A well-established name on the London underground, Partly Faithful – fronted by the ghoulish Ed Banshee [ex-Screaming Banshee Aircrew] – have released a string of intriguing EPs and earned notoriety for their tense live performances. Recorded at Earth Terminal studios alongside producer Lewis Child, ‘Lazarus Under Glass’ is a highly percussive, surprisingly rewarding long-player with left-field melodic twists: the aural equivalent of J.G. Ballard and Bertolt Brecht’s collected works thrown into a blender. This is the first release to feature new guitarist Anouska Haze, who has given the band focus with her expressive playing.
If it is pure nostalgia you’re expecting, look elsewhere – this is a thoroughly modern sounding record, with one foot dangling precariously over the precipice of leather jackets and eyeliner. This is not simply an exercise in arty post-punk, but rather a meeting place for disparate, choice elements of alternative rock. Swathed in effects and reverbed drums wet enough to drown a pet in, ‘Amen’ is pure theatre: following avant-garde scene-setter ‘Lazarus’, Haze’s merging of slide guitar and feedback lend an unsettling near-psychedelic undercurrent, driven by its fuzzed bass lines and colossal percussive flourishes. It would be foolish to dismiss the Bauhaus influence, but singer Ed Banshee manages to forgo the usual Murphy-esque caterwauling in favour something all-together more tasteful, subtle even. Reined in, he possesses a gritty, seductive croon coupling with unexpected vocal harmonies to create a dynamic counterbalance redolent of My Bloody Valentine, shedding light on grinding passages in single ‘Underset’.
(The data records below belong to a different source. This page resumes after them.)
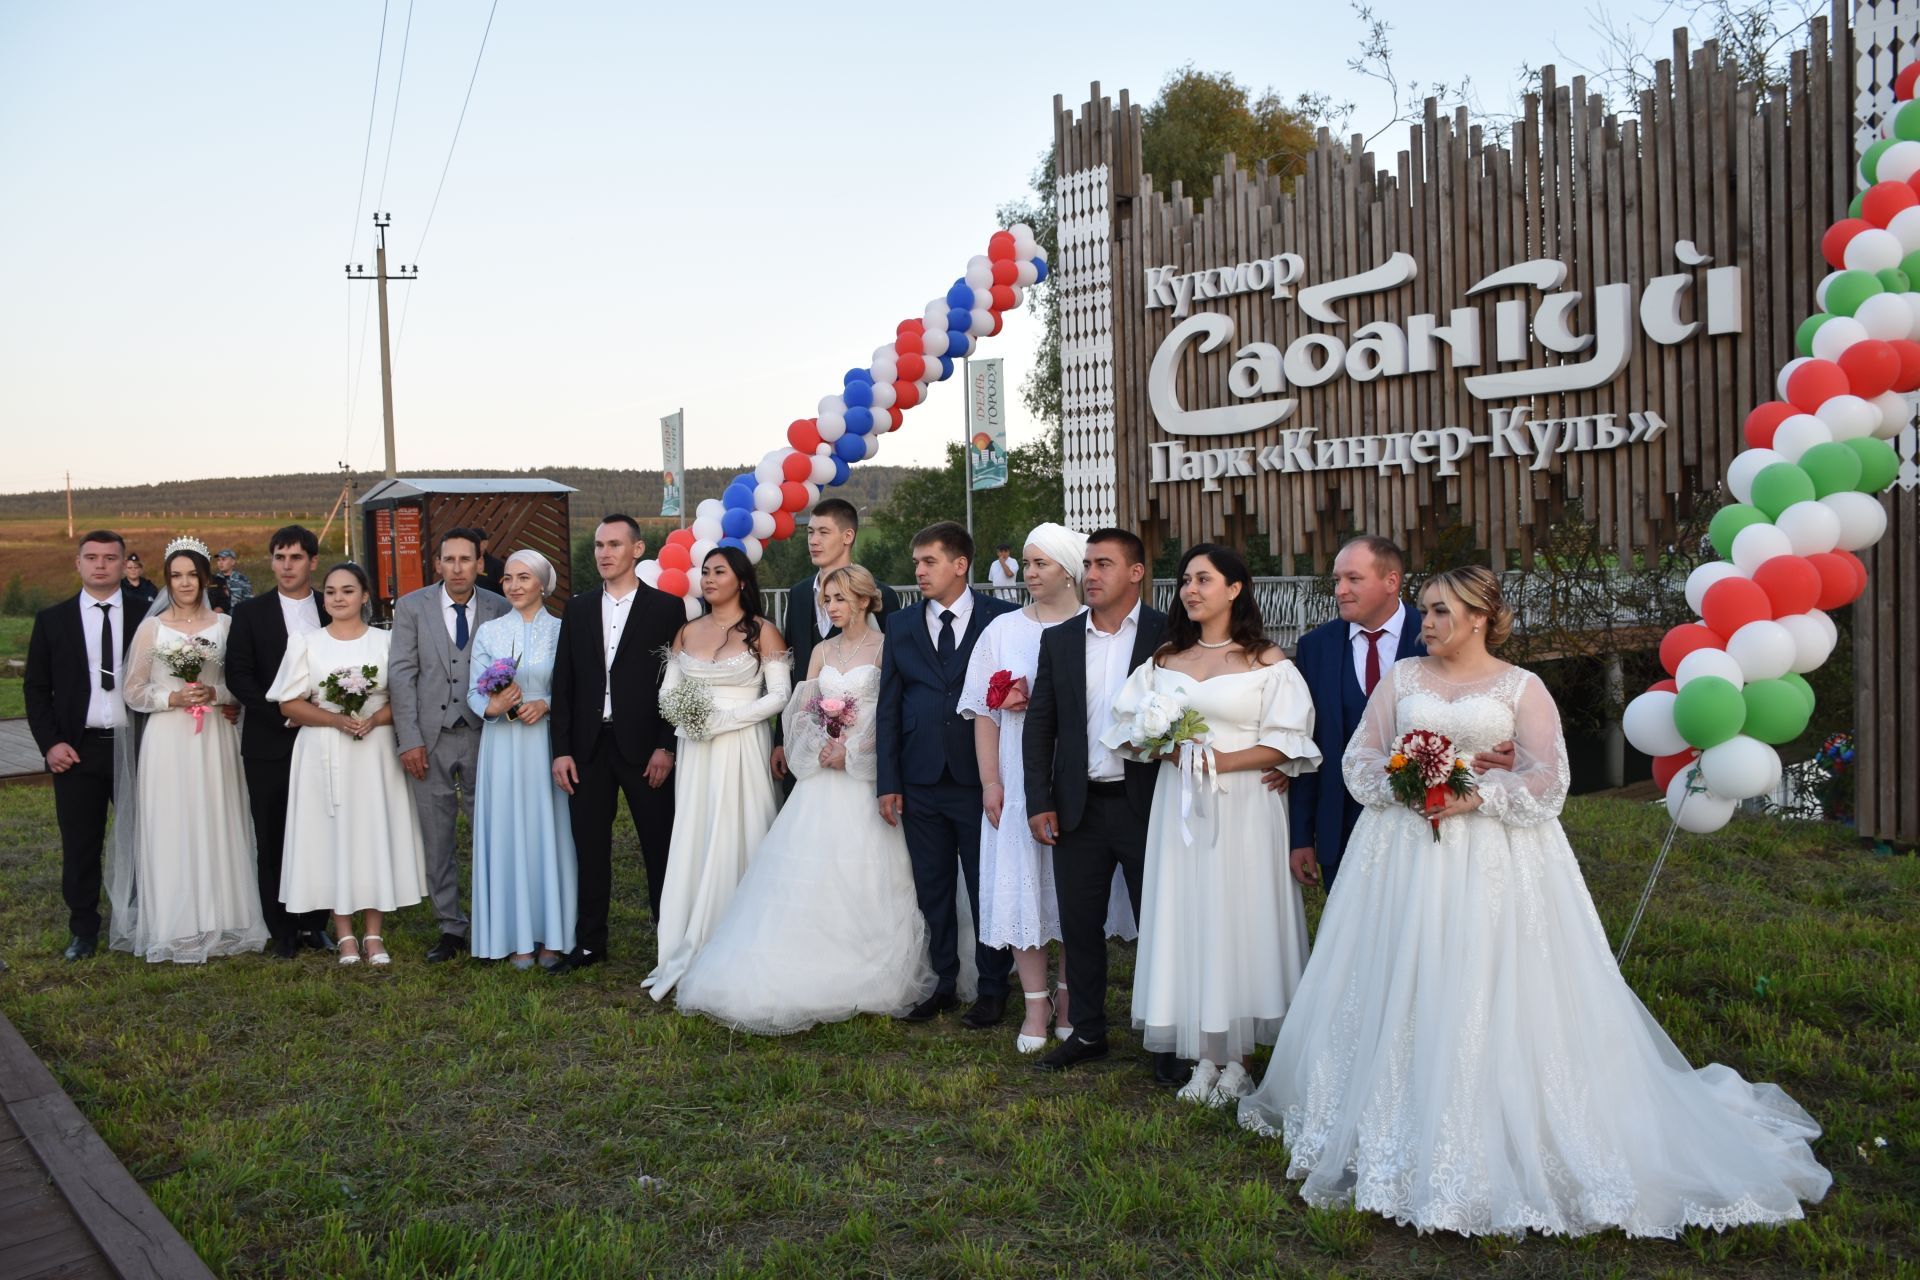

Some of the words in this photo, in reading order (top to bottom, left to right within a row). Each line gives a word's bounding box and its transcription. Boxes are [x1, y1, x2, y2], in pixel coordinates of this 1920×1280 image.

[1144, 252, 1305, 318] Кукмор
[1148, 239, 1743, 435] Сабантуй
[975, 374, 985, 421] ДЕНЬ
[986, 363, 998, 425] ГОРОДА
[1149, 440, 1256, 492] Парк
[1257, 405, 1668, 477] «Киндер-Куль»
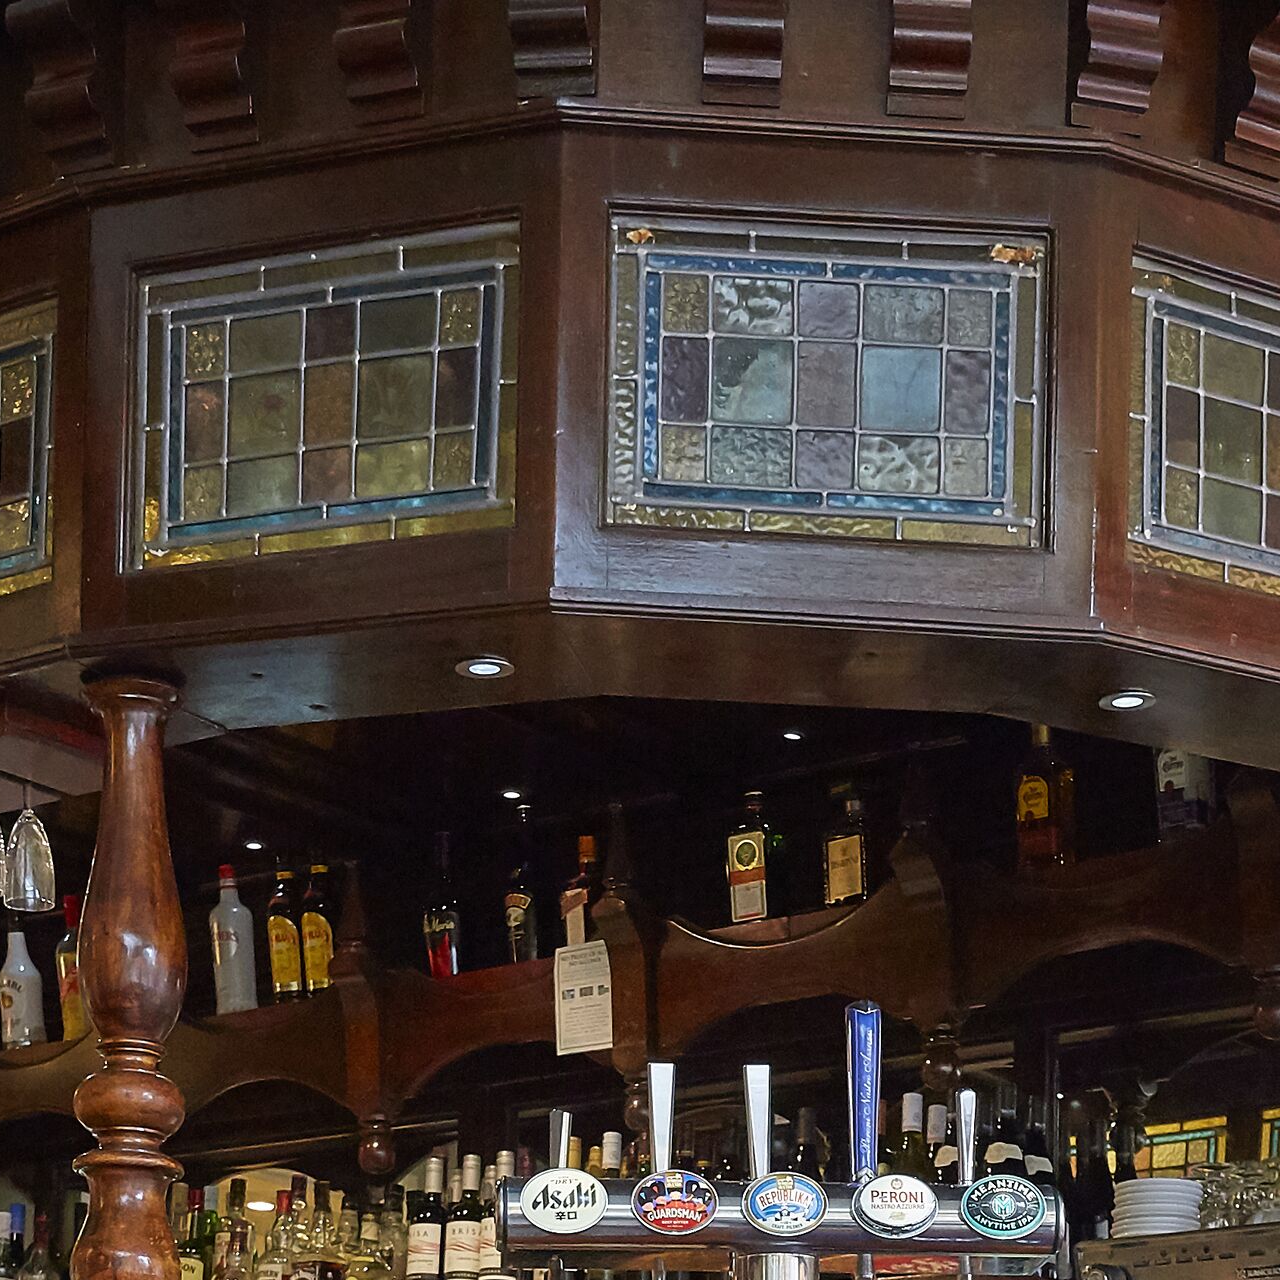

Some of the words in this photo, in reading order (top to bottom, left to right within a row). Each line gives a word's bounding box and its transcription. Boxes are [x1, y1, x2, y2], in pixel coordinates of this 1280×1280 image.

If ‘Lazarus Under Glass’ were to have a primary strength, it is in the suffocating to and fro of the rhythm section. Never has a hackneyed phrase like “dystopian groove” been more appropriate than in reference to Christopher Blake’s angular four-string playing on ‘Big Bang Medicine’ – an uneasy marriage of Bolan glamour and early Sex Gang Children, the relentless coda “take your poison” is catchy and frightening enough to force your hand toward the vile. The songs here are remarkably consistent, flowing seamlessly together without bleeding; even requisite slow numbers ‘Wasting Ground’ and ‘Skin’ manage to escape sounding, well, that requisite. Banshee’s lyrics may be a little terse to the bookish alt rock aficionado, but work wonders in the context of the music, capable of some strong turns-of-phrase – “if the devil’s in the detail, then I’ve felt the grind” [from ‘Underset’]. The namesake closer burns the candle at both ends, the male and female vocals slowly converging as the band races toward its conclusion; it is a beautiful, emotive piece – a deliciously left-field way to end a record. If ‘Lazarus Under Glass’ is the soundtrack to our dystopia, then things are not as ugly as Ballard predicted – between the non-placed shopping malls and underpasses lie snapshots of unexpected beauty and colour.